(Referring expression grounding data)
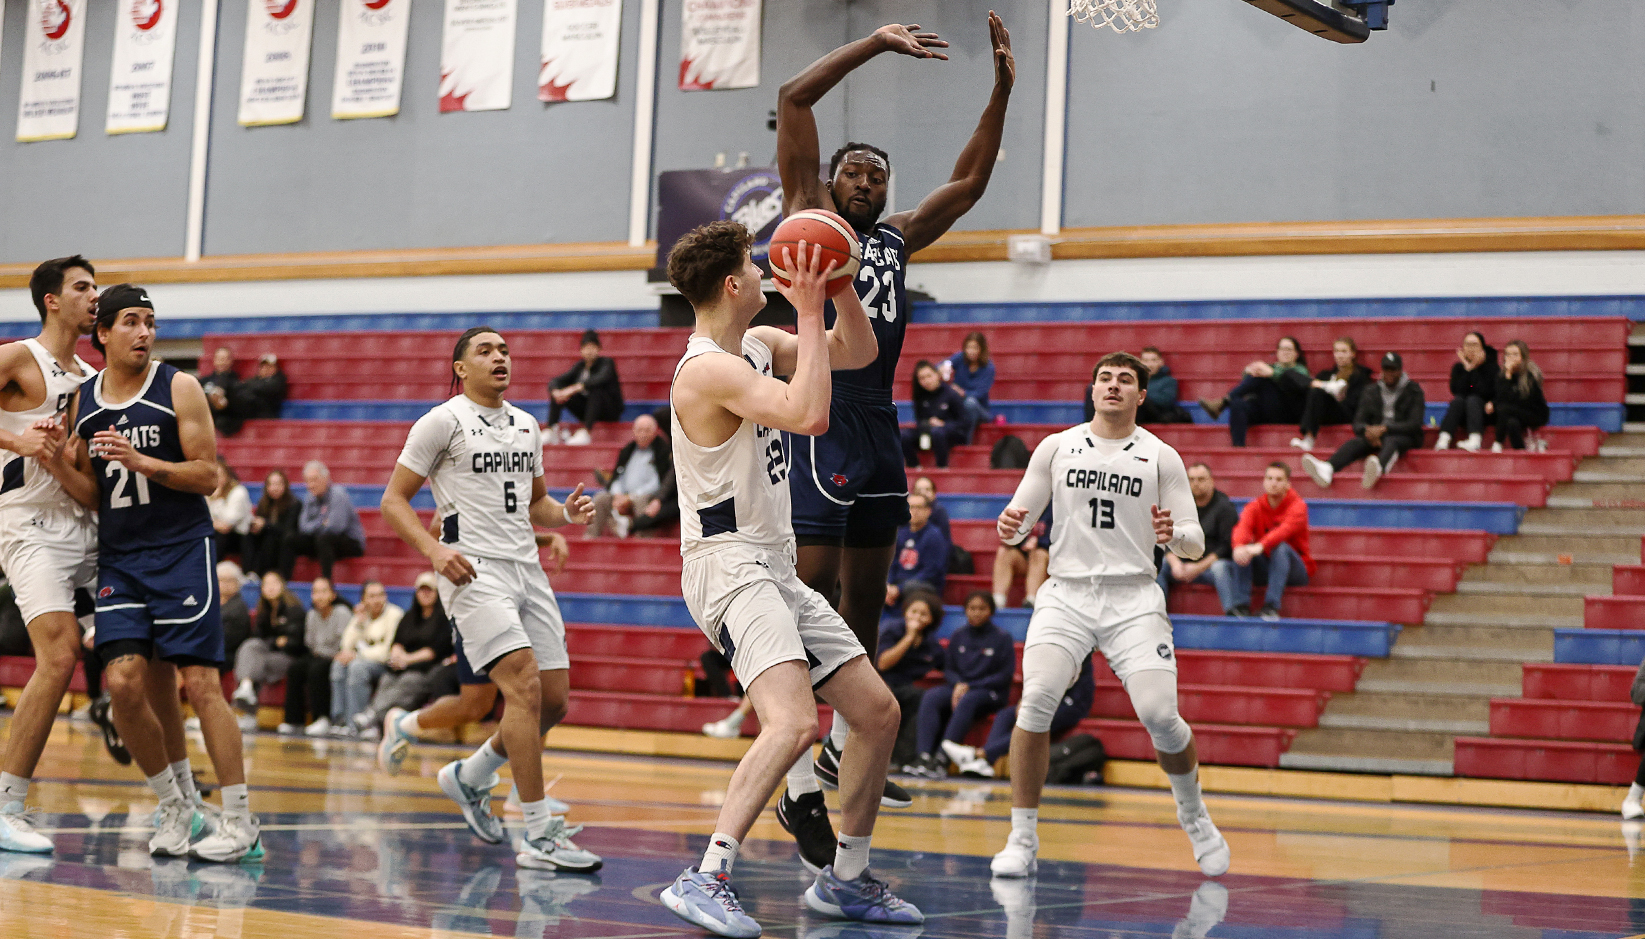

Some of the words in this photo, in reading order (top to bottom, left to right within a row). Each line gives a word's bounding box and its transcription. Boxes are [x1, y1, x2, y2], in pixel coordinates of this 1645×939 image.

[859, 265, 897, 323] 23
[105, 460, 151, 510] 21
[503, 480, 518, 514] 6
[1066, 468, 1143, 498] CAPILANO
[1088, 497, 1116, 530] 13
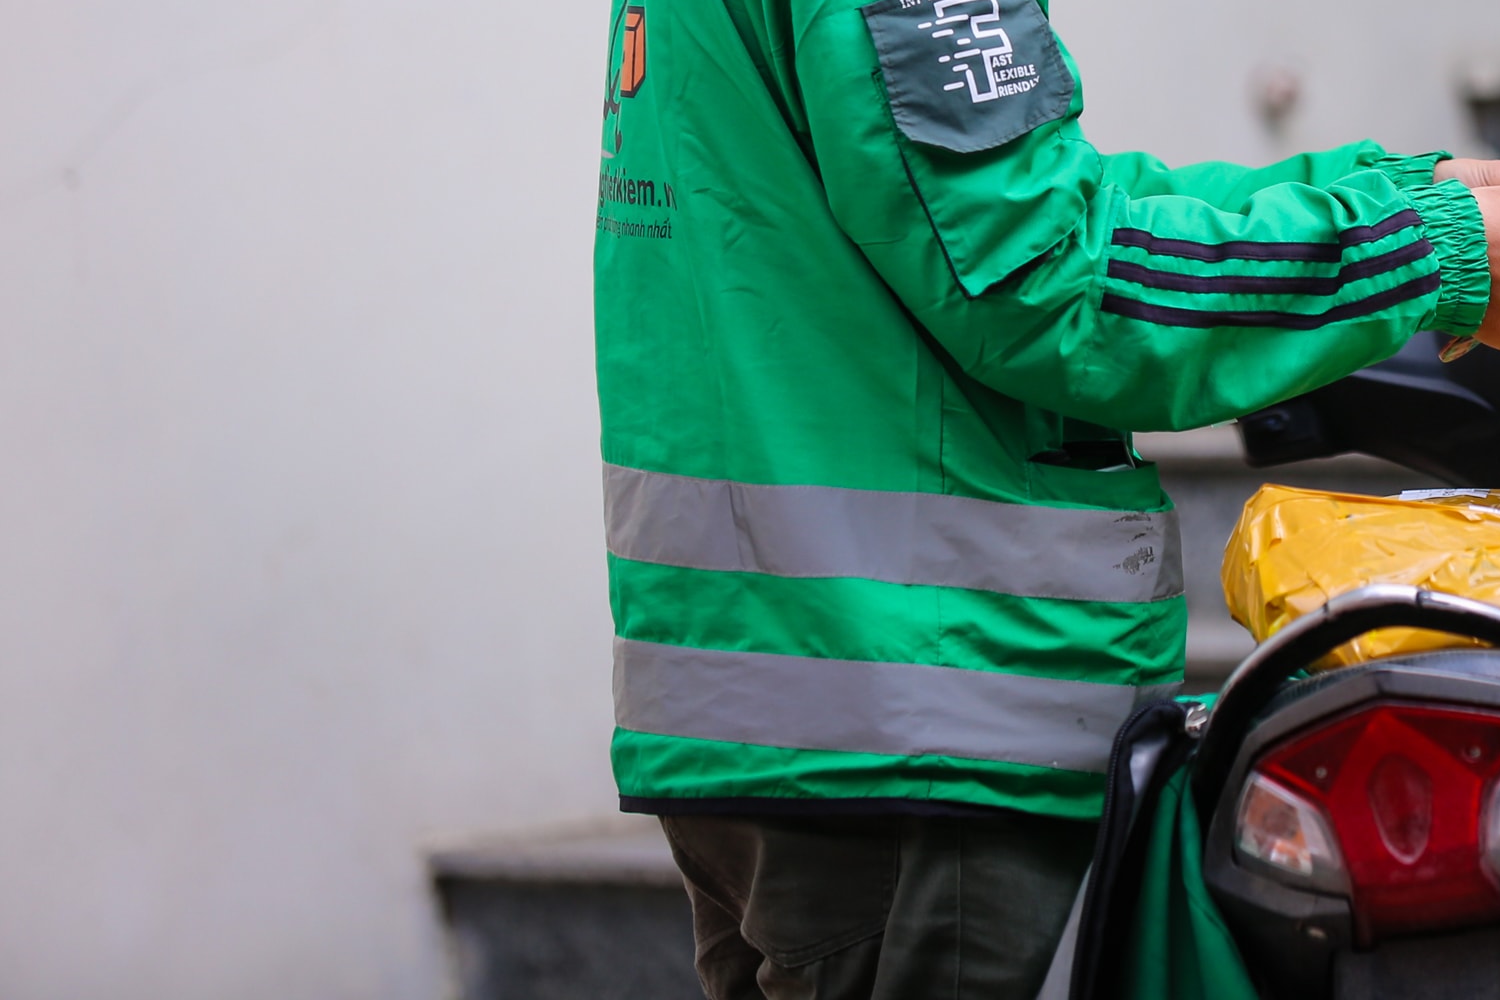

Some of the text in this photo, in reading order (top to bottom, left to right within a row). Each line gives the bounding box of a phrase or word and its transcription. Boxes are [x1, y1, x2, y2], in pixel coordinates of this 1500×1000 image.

[992, 53, 1013, 68] AST
[994, 64, 1036, 82] LEXIBLE
[998, 75, 1040, 97] RIENDLY
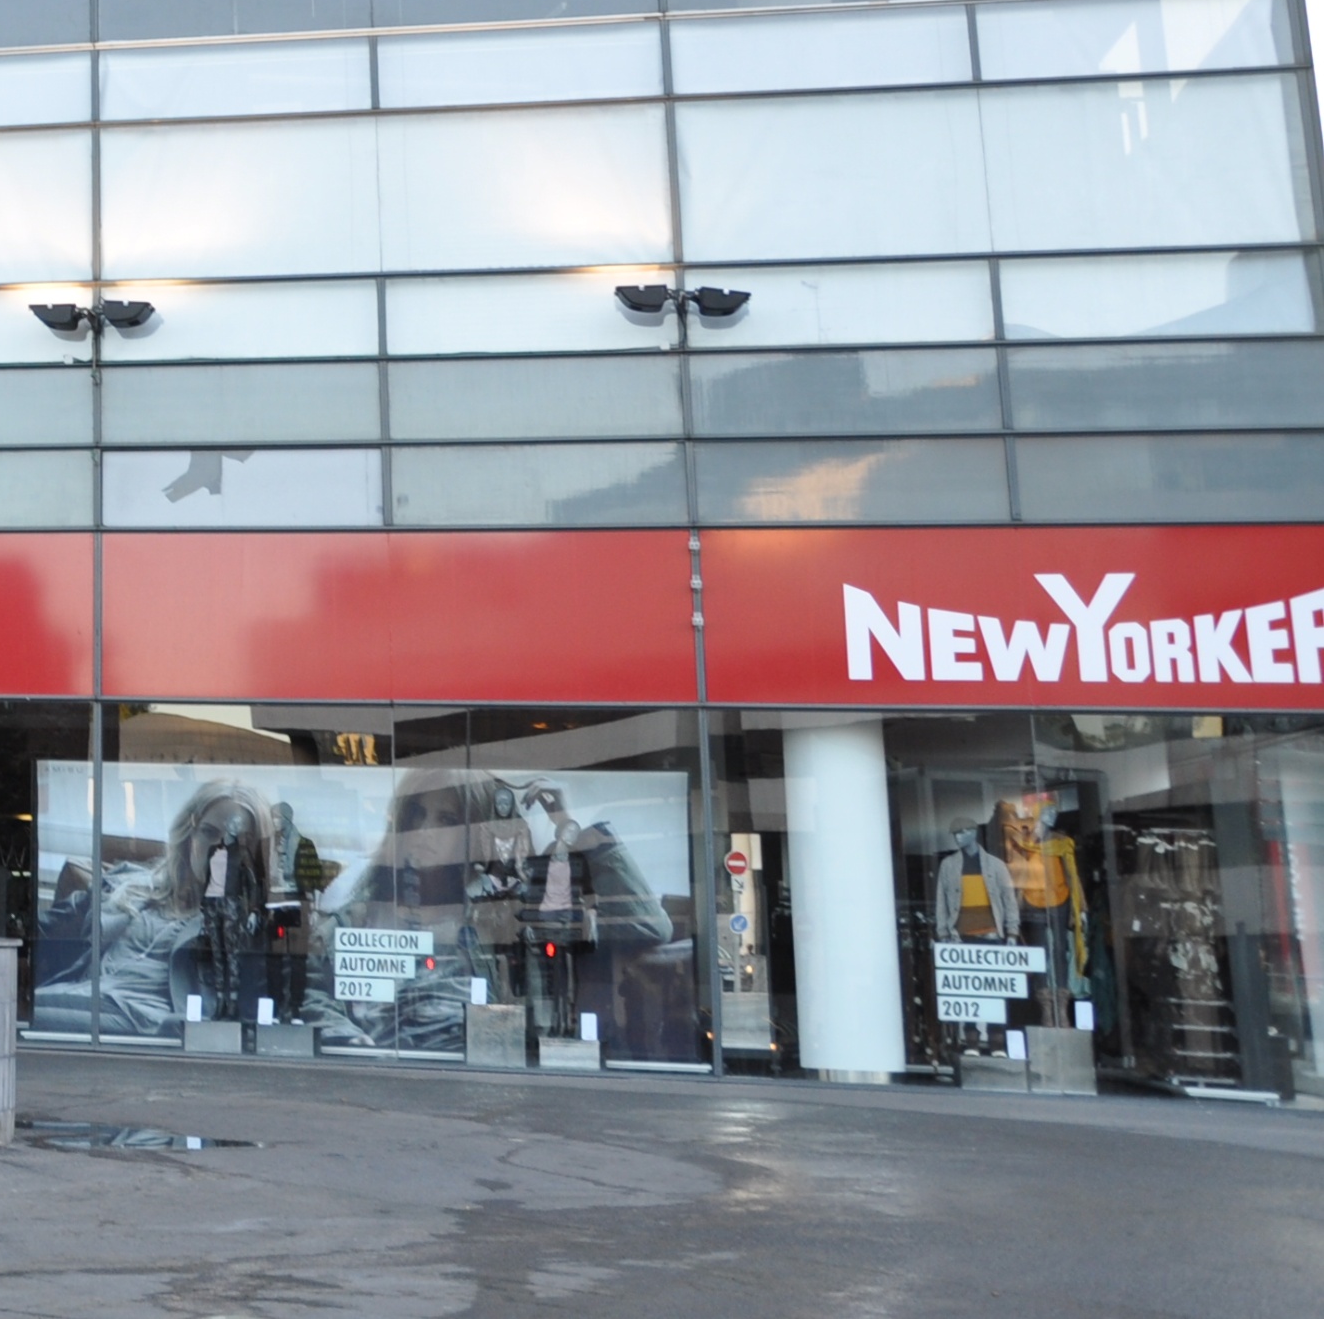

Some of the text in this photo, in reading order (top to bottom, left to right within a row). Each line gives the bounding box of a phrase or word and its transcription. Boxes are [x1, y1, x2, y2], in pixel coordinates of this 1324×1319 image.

→ **Task directions**: A verbatim reproduction of each entry is expected, with every picture omitted.

→ **Exercise output**:
Some of the words in this photo, in reading order (top to bottom, left to right within a row). Each line gives a word's bounding box and its transcription. Boxes are [x1, y1, x2, y2], in pixel coordinates of this 1645×939 image.

[859, 265, 897, 323] 23
[105, 460, 151, 510] 21
[503, 480, 518, 514] 6
[1066, 468, 1143, 498] CAPILANO
[1088, 497, 1116, 530] 13

Some of the text in this photo, in reading order (top to bottom, left to right within a row). Each line gives the bounding box of a phrase or word and its transcription. Boxes are [x1, y1, x2, y2], in pixel coordinates of this 1500×1000 image.

[992, 53, 1013, 68] AST
[994, 64, 1036, 82] LEXIBLE
[998, 75, 1040, 97] RIENDLY

Some of the text in this photo, in reading order (top to bottom, left to right within a row). Each line gives the bounding box of a phrase or word and its transcription. Boxes are [x1, y1, x2, y2], in pixel coordinates of this 1324×1319 image.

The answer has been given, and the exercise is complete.